Data entries

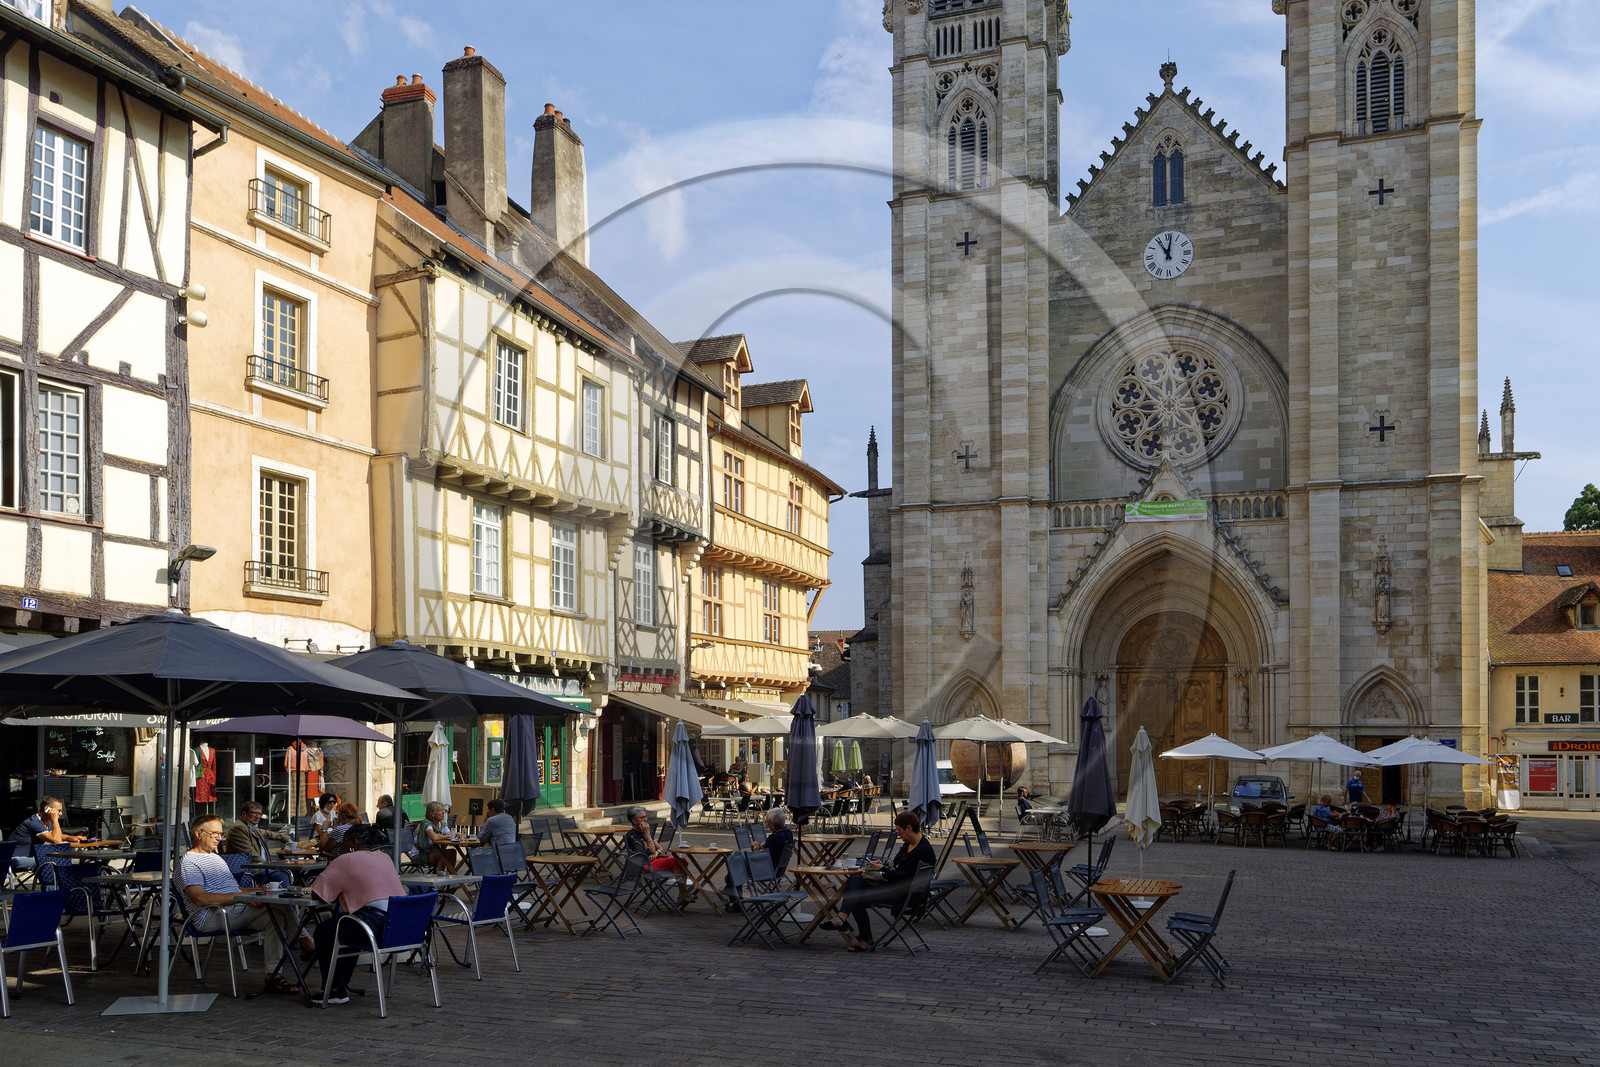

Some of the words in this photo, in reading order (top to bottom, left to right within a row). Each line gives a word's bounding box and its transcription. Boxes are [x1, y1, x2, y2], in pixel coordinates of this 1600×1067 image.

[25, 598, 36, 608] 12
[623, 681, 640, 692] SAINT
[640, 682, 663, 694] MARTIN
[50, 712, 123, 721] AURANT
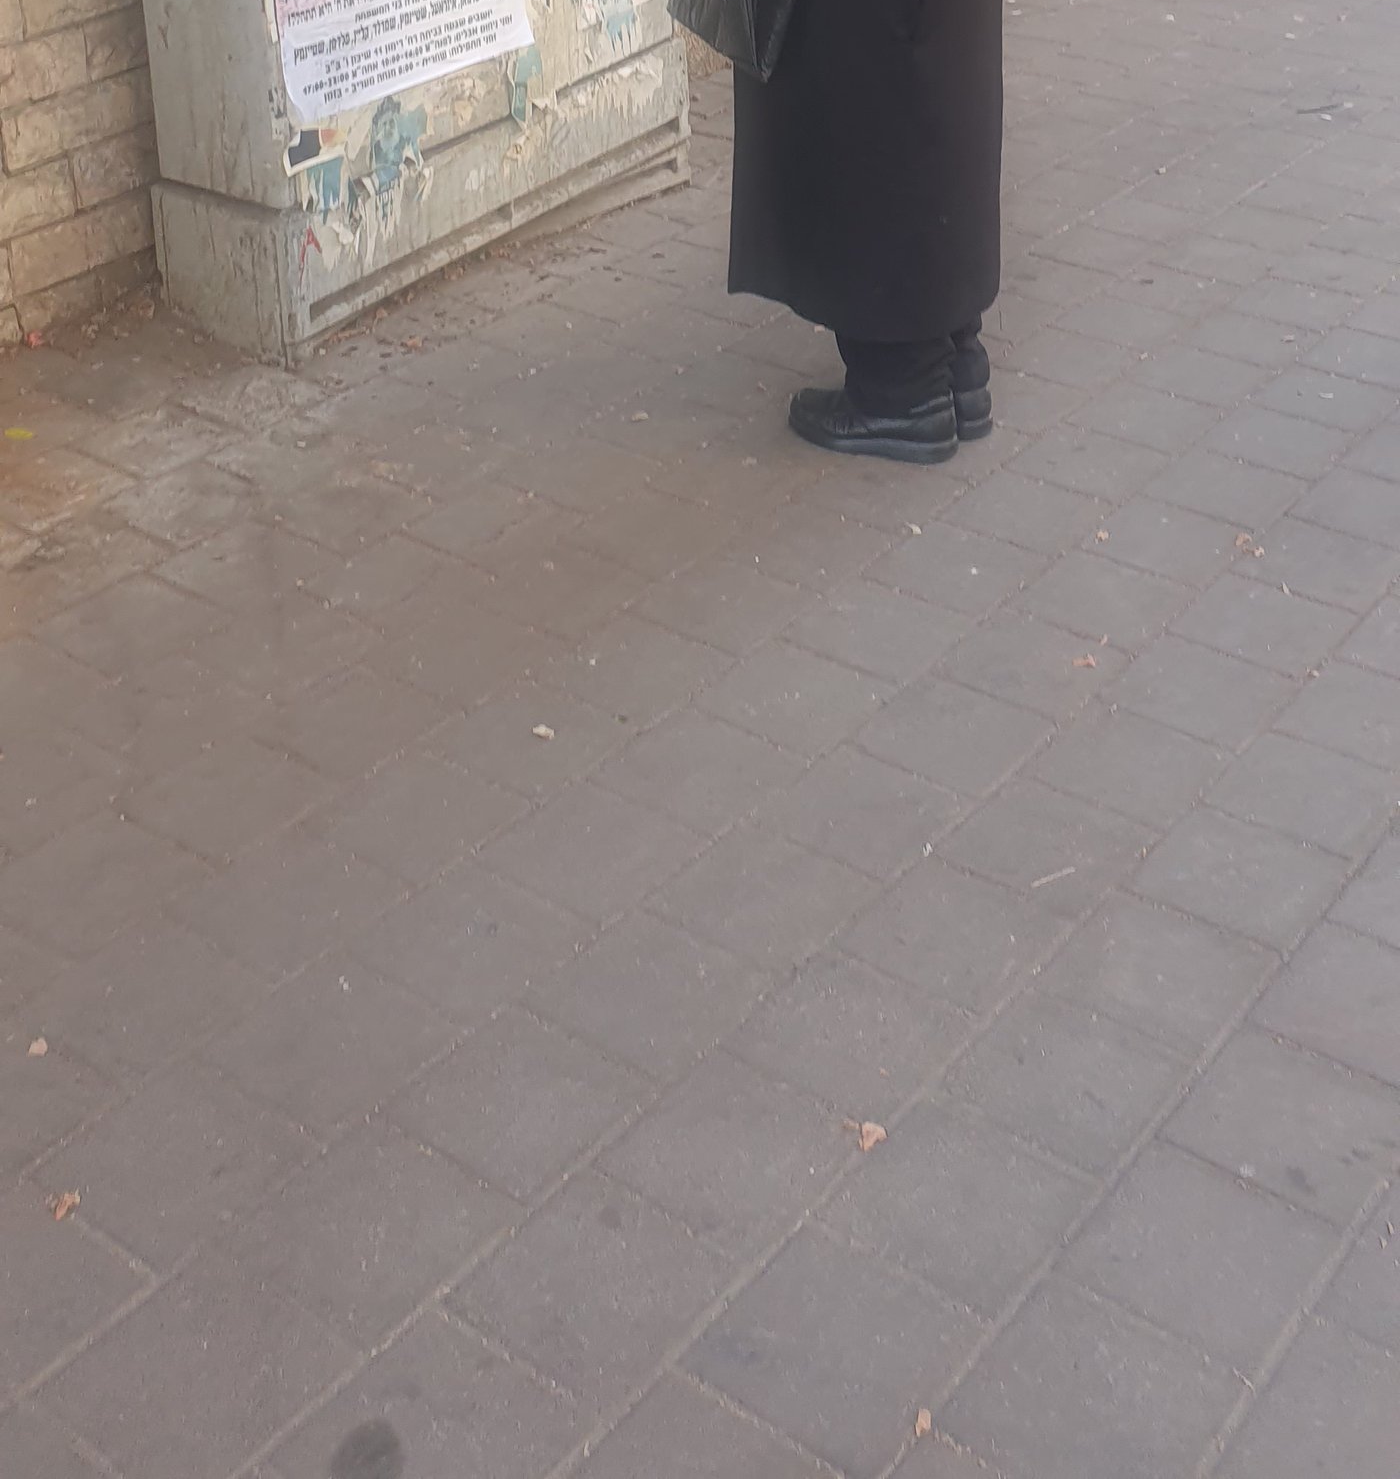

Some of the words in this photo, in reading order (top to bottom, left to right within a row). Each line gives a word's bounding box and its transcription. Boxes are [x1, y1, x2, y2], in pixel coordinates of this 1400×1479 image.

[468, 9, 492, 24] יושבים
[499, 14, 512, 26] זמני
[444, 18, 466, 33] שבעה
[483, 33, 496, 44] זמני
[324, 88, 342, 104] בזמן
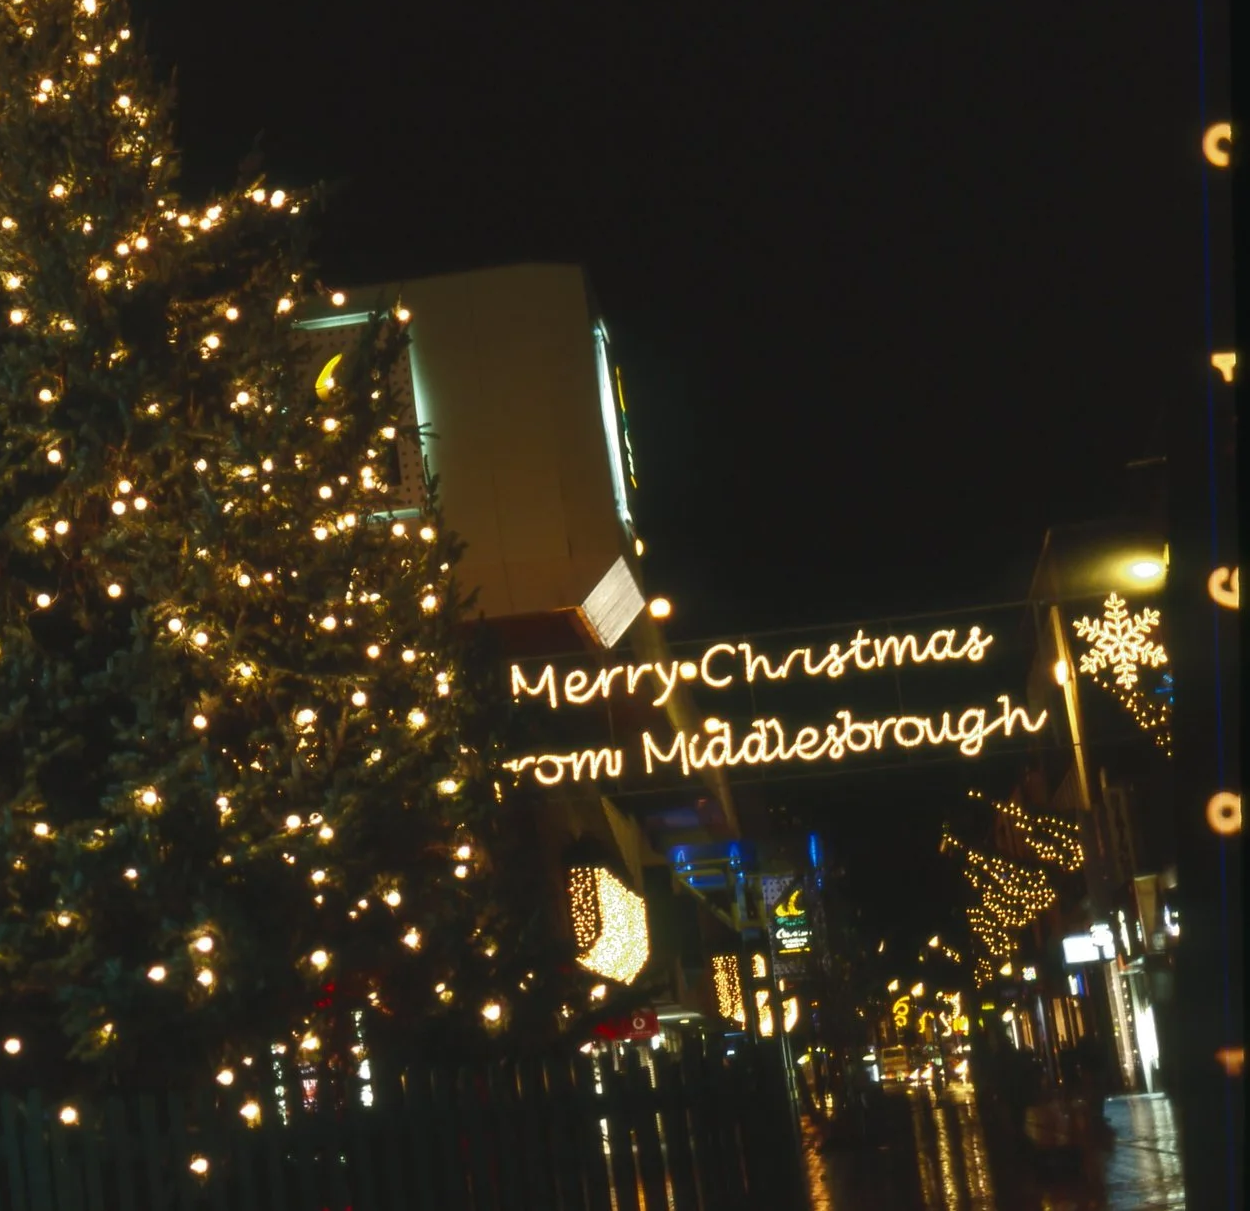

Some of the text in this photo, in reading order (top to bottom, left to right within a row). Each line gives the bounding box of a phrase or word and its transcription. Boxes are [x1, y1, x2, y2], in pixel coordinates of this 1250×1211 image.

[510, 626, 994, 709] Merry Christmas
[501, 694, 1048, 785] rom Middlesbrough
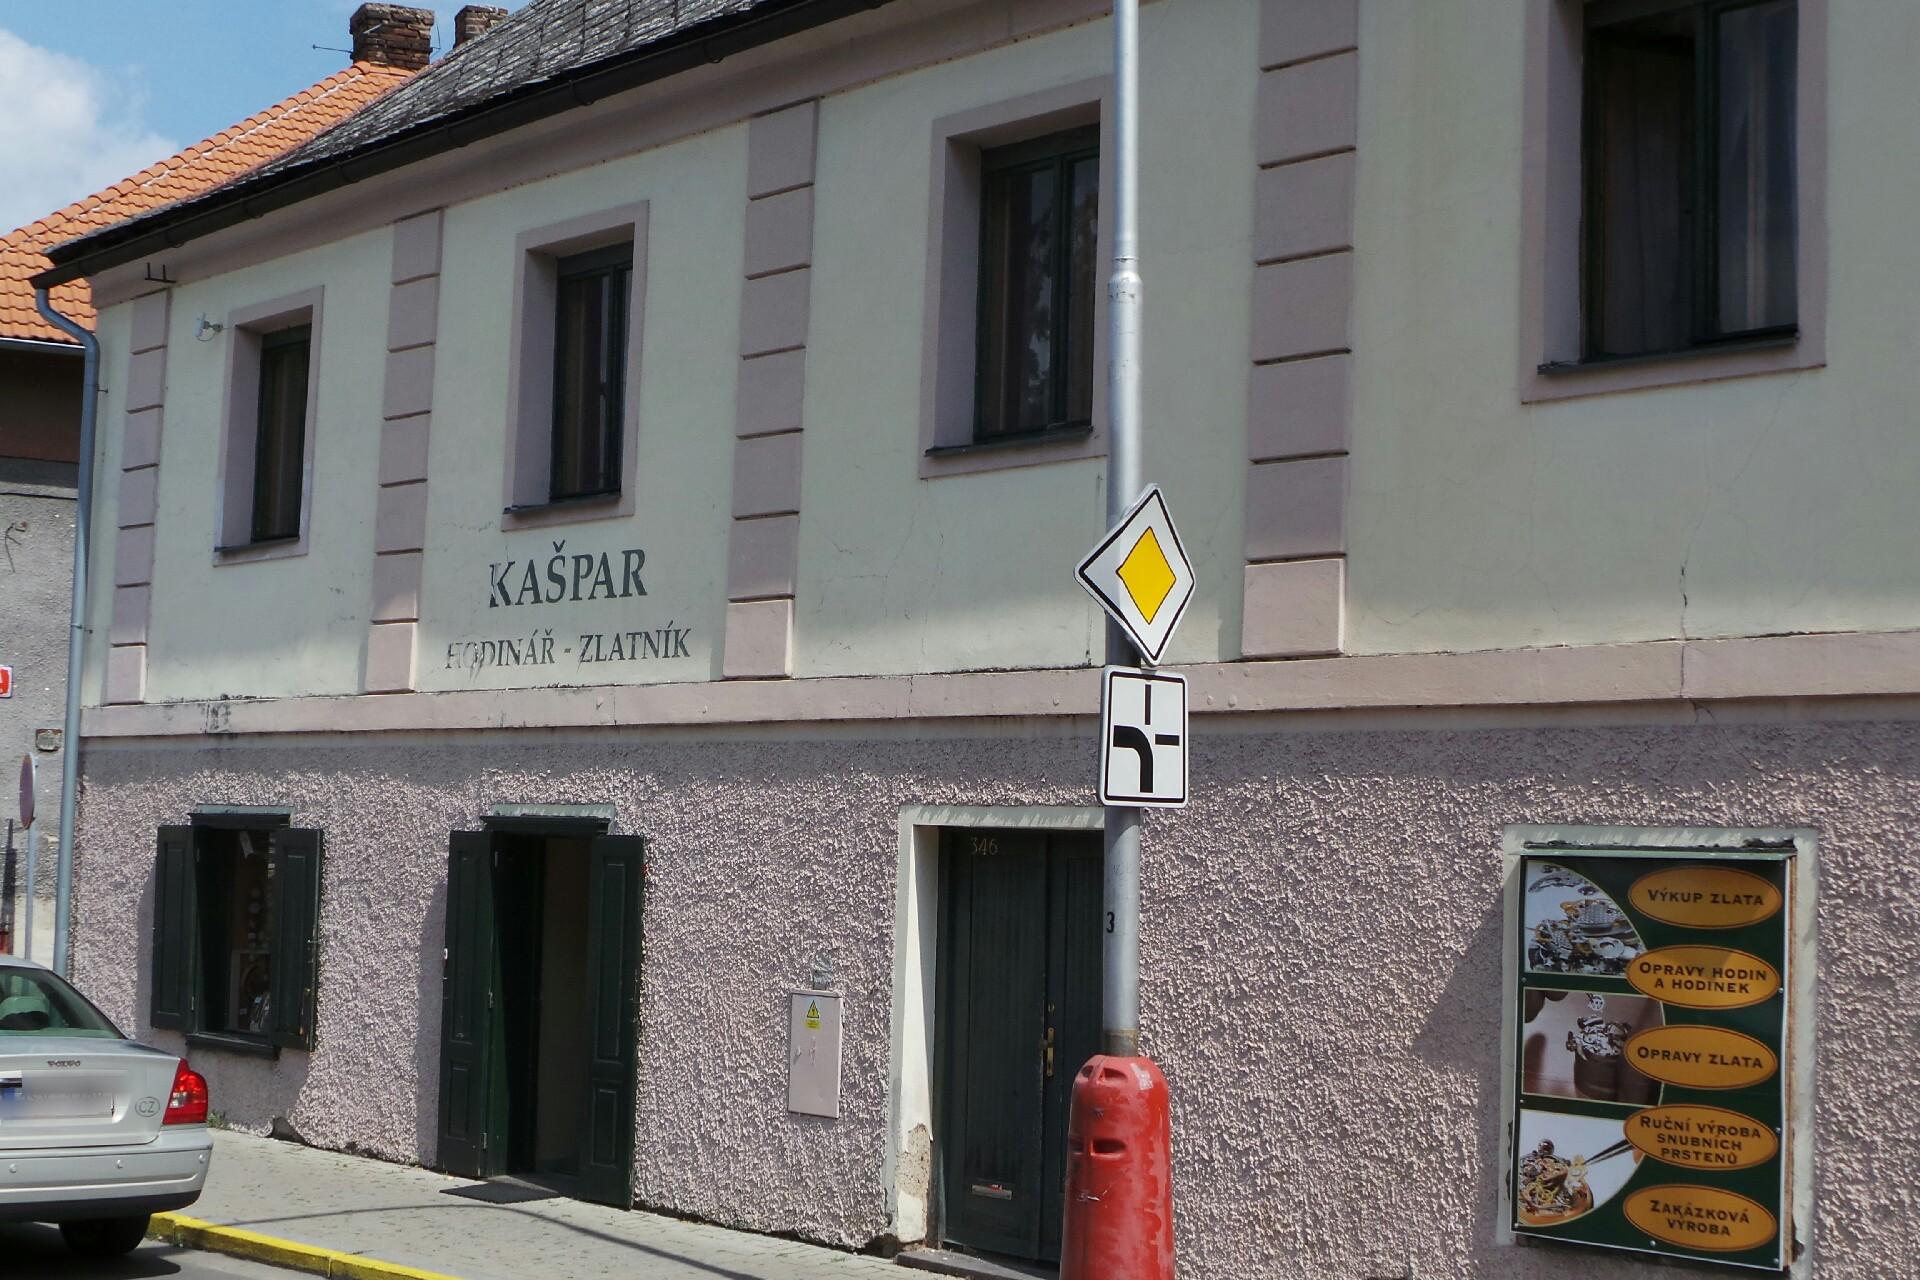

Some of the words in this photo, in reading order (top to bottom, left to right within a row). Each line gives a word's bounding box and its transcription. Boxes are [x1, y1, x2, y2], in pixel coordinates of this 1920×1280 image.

• Problem statement:
When copying the entries above, keep each word as it is and exclude any image.

• Task output:
Some of the words in this photo, in reading order (top to bottom, left to right within a row). Each line gives a word's bounding box and its transcription. Boxes are [x1, y1, x2, y2], in pixel coordinates of this 1600×1067 image.

[25, 598, 36, 608] 12
[623, 681, 640, 692] SAINT
[640, 682, 663, 694] MARTIN
[50, 712, 123, 721] AURANT

Some of the words in this photo, in reading order (top to bottom, left to right within a row). Each line gives a word's bounding box and its transcription. Boxes are [x1, y1, x2, y2], in pixel coordinates of this 1400×1479 image.

[468, 9, 492, 24] יושבים
[499, 14, 512, 26] זמני
[444, 18, 466, 33] שבעה
[483, 33, 496, 44] זמני
[324, 88, 342, 104] בזמן

Some of the text in this photo, in reading order (top to bottom, left to right within a row). Each line gives the bounding box of a phrase or word and its transcription. Boxes are [x1, y1, x2, y2], in pixel coordinates of this 1250×1211 image.

[510, 626, 994, 709] Merry Christmas
[501, 694, 1048, 785] rom Middlesbrough

Some of the words in this photo, in reading order (top to bottom, left to right within a row). Each line gives a word's bounding box and its transcription. Boxes are [x1, y1, x2, y2], in pixel coordinates of this 1920×1280 image.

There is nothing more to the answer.